#### [Task statement]
Return the data below unchanged, without images.

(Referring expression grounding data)
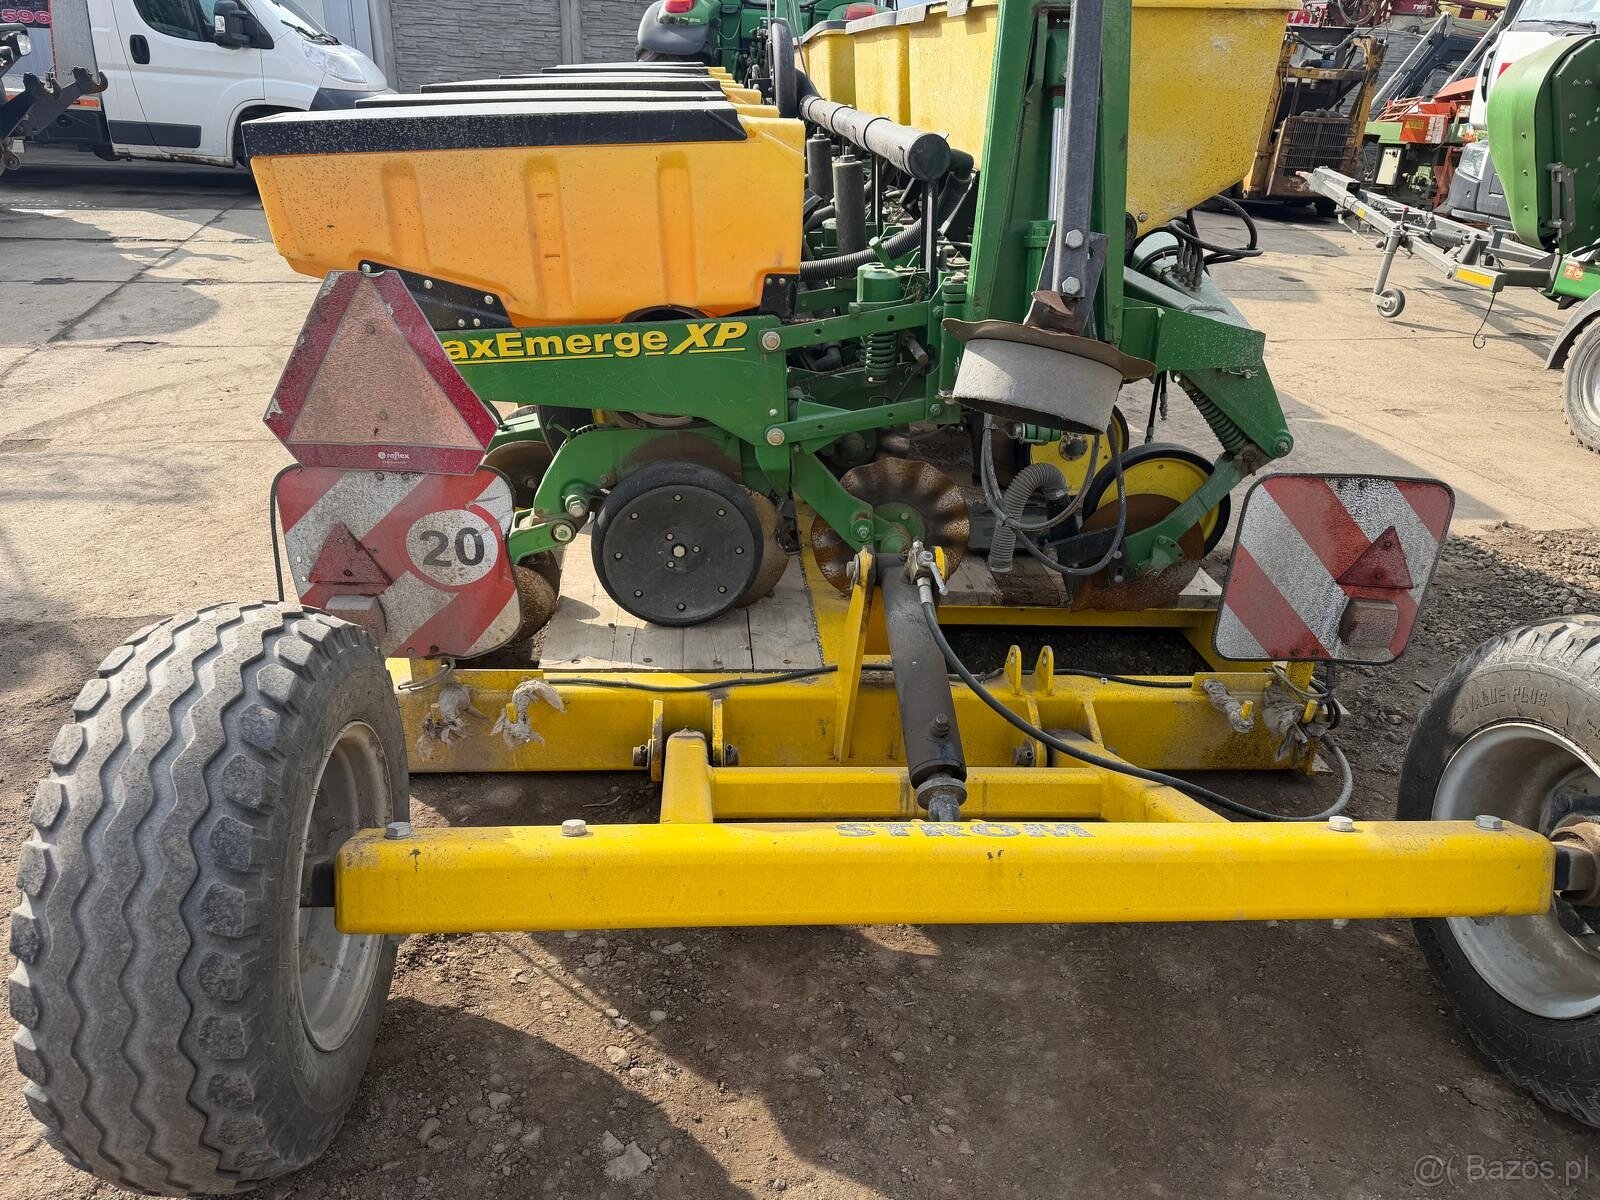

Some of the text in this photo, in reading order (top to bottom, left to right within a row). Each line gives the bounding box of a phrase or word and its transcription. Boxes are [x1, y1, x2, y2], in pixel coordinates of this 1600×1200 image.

[2, 8, 52, 24] 596
[441, 321, 748, 358] axEmerge XP
[420, 527, 485, 567] 20
[1513, 687, 1548, 708] PLUS
[835, 822, 1096, 838] STROM

#### [Solution to the problem]
Some of the text in this photo, in reading order (top to bottom, left to right within a row). Each line gives the bounding box of a phrase or word and its transcription. Boxes are [x1, y1, x2, y2], in pixel coordinates of this 1600×1200 image.

[2, 8, 52, 24] 596
[441, 321, 748, 358] axEmerge XP
[420, 527, 485, 567] 20
[1513, 687, 1548, 708] PLUS
[835, 822, 1096, 838] STROM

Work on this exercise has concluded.